Zelenskyy tetap menjabat sebagai presiden karena Ukraina berada di bawah status darurat militer dan tidak menggelar pemilu selama perang. Ia beberapa kali merombak kabinet untuk memberikan dorongan baru bagi pemerintahannya.

Mengutip laporan Associated Press, Svyrydenko ditunjuk sebagai perdana menteri pada Juli 2025 ketika berusia 39 tahun. Sebelumnya, ia menjabat sebagai menteri ekonomi dan memainkan peran penting dalam tercapainya kesepakatan mineral antara Ukraina dan Amerika Serikat (AS). Kesepakatan tersebut dinilai penting karena semakin mengaitkan kepentingan AS dengan keamanan Ukraina.

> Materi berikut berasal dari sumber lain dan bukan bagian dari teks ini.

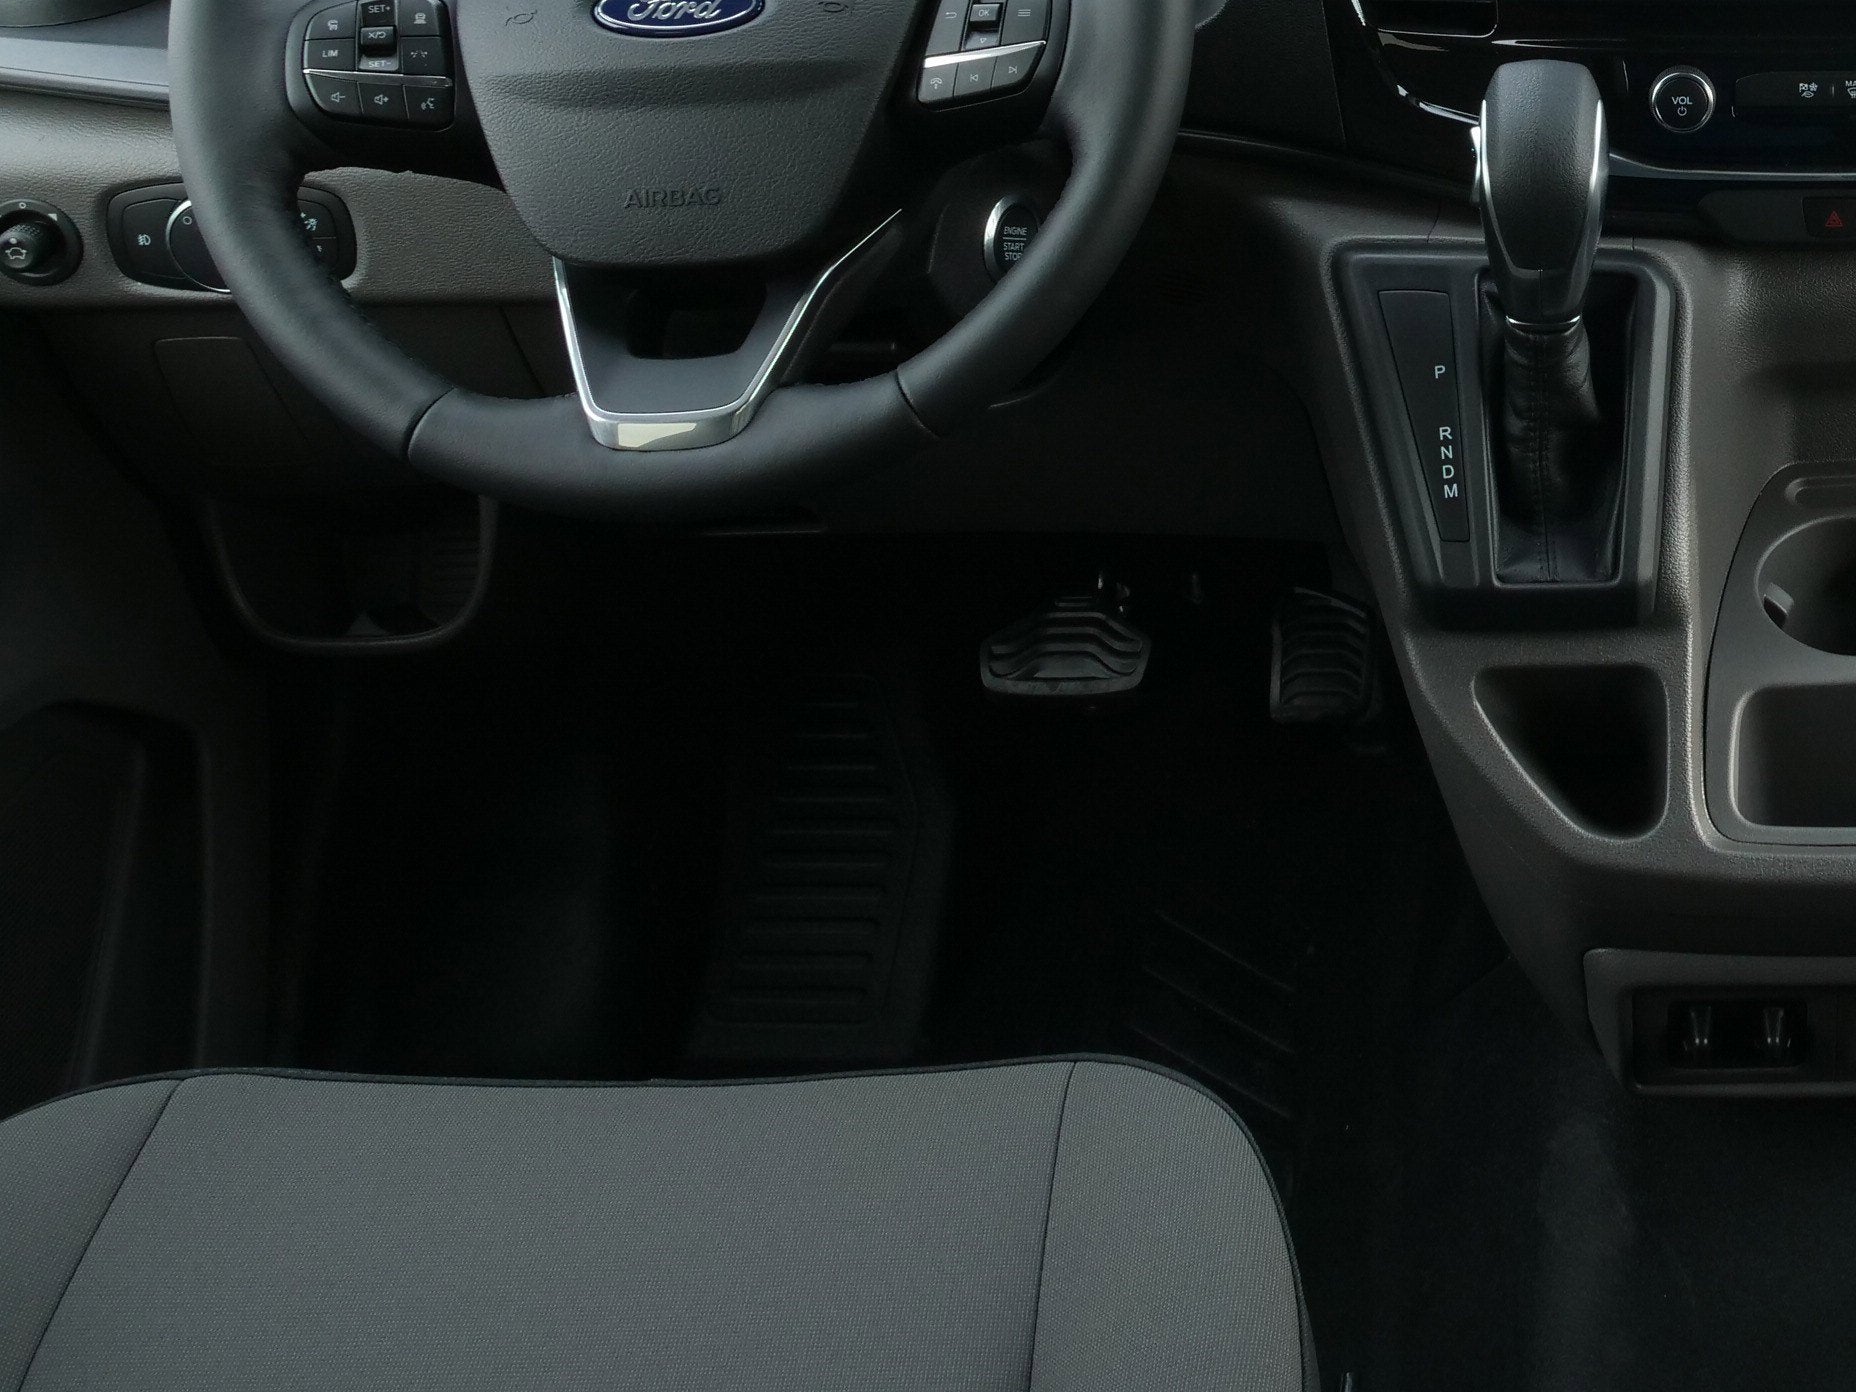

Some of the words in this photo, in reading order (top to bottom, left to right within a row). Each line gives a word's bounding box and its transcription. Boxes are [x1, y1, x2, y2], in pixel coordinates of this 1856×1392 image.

[978, 9, 990, 18] OK
[322, 49, 338, 58] LIM
[1671, 95, 1693, 106] VOL
[624, 187, 721, 209] AIRBAG
[1003, 226, 1029, 236] ENGINE
[1003, 242, 1025, 251] START
[1434, 364, 1447, 379] P
[1439, 426, 1453, 441] R
[1440, 445, 1454, 460] N
[1442, 464, 1455, 480] D
[1444, 483, 1459, 499] M

Dalam pernyataan di media sosial, Svyrydenko mengaku bangga pernah dipercaya memimpin pemerintahan pada salah satu masa tersulit dalam sejarah modern Ukraina. Ia mengatakan telah membicarakan langkah selanjutnya bersama Zelenskyy, tetapi tidak memberikan penjelasan lebih lanjut.

"Saya tetap siap mengabdi kepada Ukraina dan menjalankan setiap tugas untuk memperkuat posisi negara, membela kepentingan nasional, serta mendekatkan tercapainya perdamaian yang adil," kata Svyrydenko.

Dalam unggahan mengenai pengunduran diri Svyrydenko, Zelenskyy mengatakan Ukraina tengah "mengubah strategi politik". Menurut Zelenskyy, Svyrydenko telah ditawari tanggung jawab untuk menangani bidang baru yang penting dalam hubungan Ukraina dengan salah satu mitra internasional utama.

"Setiap bidang prioritas kebijakan luar negeri akan ditangani oleh orang yang memiliki pengalaman luas, mampu menjalankan kesepakatan di tingkat pemimpin, dan memenuhi harapan rakyat Ukraina," kata Zelenskyy.

Ia juga mengisyaratkan perubahan di jajaran pimpinan lembaga penegak hukum Ukraina.

Setelah pengumuman tersebut, Zelenskyy bertemu dengan sejumlah pejabat senior, termasuk Menteri Energi Denys Shmyhal, Menteri Dalam Negeri Ihor Klymenko, dan Menteri Pertahanan Mykhailo Fedorov.

Zelenskyy belum memerinci seluruh perubahan yang akan dilakukan, namun perombakan kali ini menjadi reorganisasi besar keempat dalam pemerintahannya sejak Rusia melancarkan invasi skala penuh ke Ukraina.

Seluruh rangkaian berkas perombakan kabinet dan surat pengunduran diri massal ini telah resmi diajukan ke parlemen Ukraina (Verkhovna Rada). Anggota parlemen dijadwalkan berkumpul pada Selasa, 14 Juli 2026, untuk melakukan pemungutan suara guna memberikan persetujuan resmi serta membahas nama-nama kandidat menteri yang baru.